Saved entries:
----
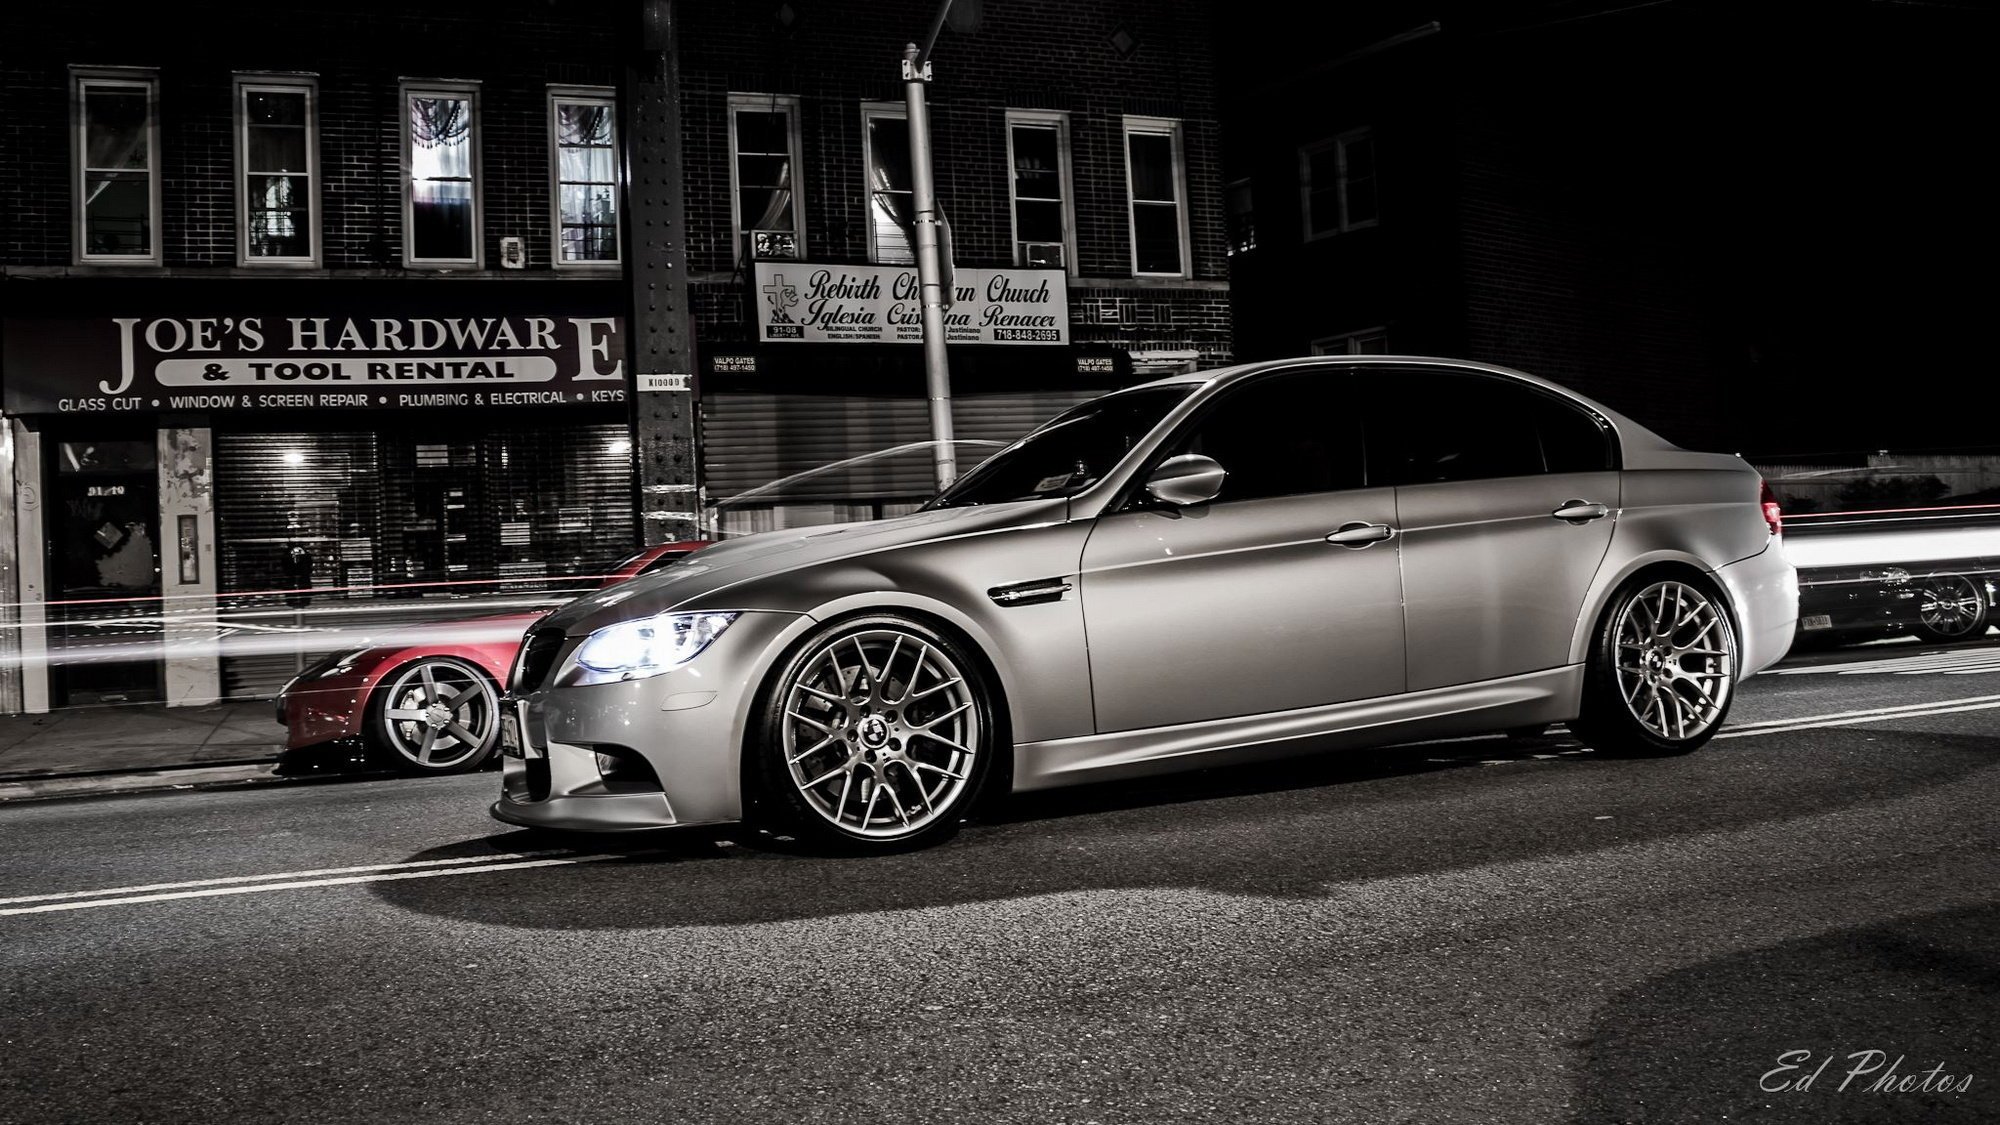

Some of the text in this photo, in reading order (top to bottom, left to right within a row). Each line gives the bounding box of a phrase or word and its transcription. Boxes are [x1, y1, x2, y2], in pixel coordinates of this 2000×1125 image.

[804, 269, 882, 300] Rebirth
[987, 274, 1051, 303] Church
[801, 298, 1056, 330] Iglesia Crisna Renacer
[996, 328, 1058, 341] 718-848-2695
[99, 317, 623, 395] JOE'S HARDWARE
[202, 361, 514, 381] & TOOL RENTAL
[58, 389, 625, 412] GLASS CUT WINDOW & SCREEN REPAIR PLUMBING & ELECTRICAL KEYS
----
Your task:
Give back the entries verbatim but drop every picture.

Answer for this exercise:
Some of the text in this photo, in reading order (top to bottom, left to right within a row). Each line gives the bounding box of a phrase or word and its transcription. Boxes are [x1, y1, x2, y2], in pixel coordinates of this 2000×1125 image.

[804, 269, 882, 300] Rebirth
[987, 274, 1051, 303] Church
[801, 298, 1056, 330] Iglesia Crisna Renacer
[996, 328, 1058, 341] 718-848-2695
[99, 317, 623, 395] JOE'S HARDWARE
[202, 361, 514, 381] & TOOL RENTAL
[58, 389, 625, 412] GLASS CUT WINDOW & SCREEN REPAIR PLUMBING & ELECTRICAL KEYS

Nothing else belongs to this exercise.